--- Text-to-region grounding data ---
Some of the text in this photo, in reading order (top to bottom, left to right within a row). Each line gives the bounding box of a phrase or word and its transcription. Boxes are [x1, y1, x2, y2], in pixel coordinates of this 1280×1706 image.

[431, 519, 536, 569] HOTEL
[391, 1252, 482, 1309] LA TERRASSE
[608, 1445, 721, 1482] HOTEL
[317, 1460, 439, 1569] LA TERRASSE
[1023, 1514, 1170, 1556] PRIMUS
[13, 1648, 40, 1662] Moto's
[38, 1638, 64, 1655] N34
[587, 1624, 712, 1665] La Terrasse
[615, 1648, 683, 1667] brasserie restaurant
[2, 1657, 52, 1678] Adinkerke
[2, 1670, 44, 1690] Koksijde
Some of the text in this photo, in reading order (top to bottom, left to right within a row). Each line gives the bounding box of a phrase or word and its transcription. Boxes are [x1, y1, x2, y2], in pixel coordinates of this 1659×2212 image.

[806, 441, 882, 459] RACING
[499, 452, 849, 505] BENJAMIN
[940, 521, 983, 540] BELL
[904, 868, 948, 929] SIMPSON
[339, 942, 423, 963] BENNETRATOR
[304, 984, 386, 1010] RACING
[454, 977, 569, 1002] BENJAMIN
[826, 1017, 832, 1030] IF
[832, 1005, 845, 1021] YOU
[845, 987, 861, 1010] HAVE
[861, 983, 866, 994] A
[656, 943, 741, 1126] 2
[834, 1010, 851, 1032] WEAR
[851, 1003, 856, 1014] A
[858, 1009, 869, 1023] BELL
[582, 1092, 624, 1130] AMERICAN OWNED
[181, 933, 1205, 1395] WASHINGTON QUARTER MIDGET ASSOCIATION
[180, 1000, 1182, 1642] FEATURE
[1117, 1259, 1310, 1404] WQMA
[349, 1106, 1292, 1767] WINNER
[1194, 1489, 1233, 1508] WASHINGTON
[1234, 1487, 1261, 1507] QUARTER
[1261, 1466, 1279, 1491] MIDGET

--- EXERCISE OBJECTIVE ---
Return every record above exactly, line by line.

--- RESPONSE AREA ---
Some of the text in this photo, in reading order (top to bottom, left to right within a row). Each line gives the bounding box of a phrase or word and its transcription. Boxes are [x1, y1, x2, y2], in pixel coordinates of this 1280×1706 image.

[431, 519, 536, 569] HOTEL
[391, 1252, 482, 1309] LA TERRASSE
[608, 1445, 721, 1482] HOTEL
[317, 1460, 439, 1569] LA TERRASSE
[1023, 1514, 1170, 1556] PRIMUS
[13, 1648, 40, 1662] Moto's
[38, 1638, 64, 1655] N34
[587, 1624, 712, 1665] La Terrasse
[615, 1648, 683, 1667] brasserie restaurant
[2, 1657, 52, 1678] Adinkerke
[2, 1670, 44, 1690] Koksijde
Some of the text in this photo, in reading order (top to bottom, left to right within a row). Each line gives the bounding box of a phrase or word and its transcription. Boxes are [x1, y1, x2, y2], in pixel coordinates of this 1659×2212 image.

[806, 441, 882, 459] RACING
[499, 452, 849, 505] BENJAMIN
[940, 521, 983, 540] BELL
[904, 868, 948, 929] SIMPSON
[339, 942, 423, 963] BENNETRATOR
[304, 984, 386, 1010] RACING
[454, 977, 569, 1002] BENJAMIN
[826, 1017, 832, 1030] IF
[832, 1005, 845, 1021] YOU
[845, 987, 861, 1010] HAVE
[861, 983, 866, 994] A
[656, 943, 741, 1126] 2
[834, 1010, 851, 1032] WEAR
[851, 1003, 856, 1014] A
[858, 1009, 869, 1023] BELL
[582, 1092, 624, 1130] AMERICAN OWNED
[181, 933, 1205, 1395] WASHINGTON QUARTER MIDGET ASSOCIATION
[180, 1000, 1182, 1642] FEATURE
[1117, 1259, 1310, 1404] WQMA
[349, 1106, 1292, 1767] WINNER
[1194, 1489, 1233, 1508] WASHINGTON
[1234, 1487, 1261, 1507] QUARTER
[1261, 1466, 1279, 1491] MIDGET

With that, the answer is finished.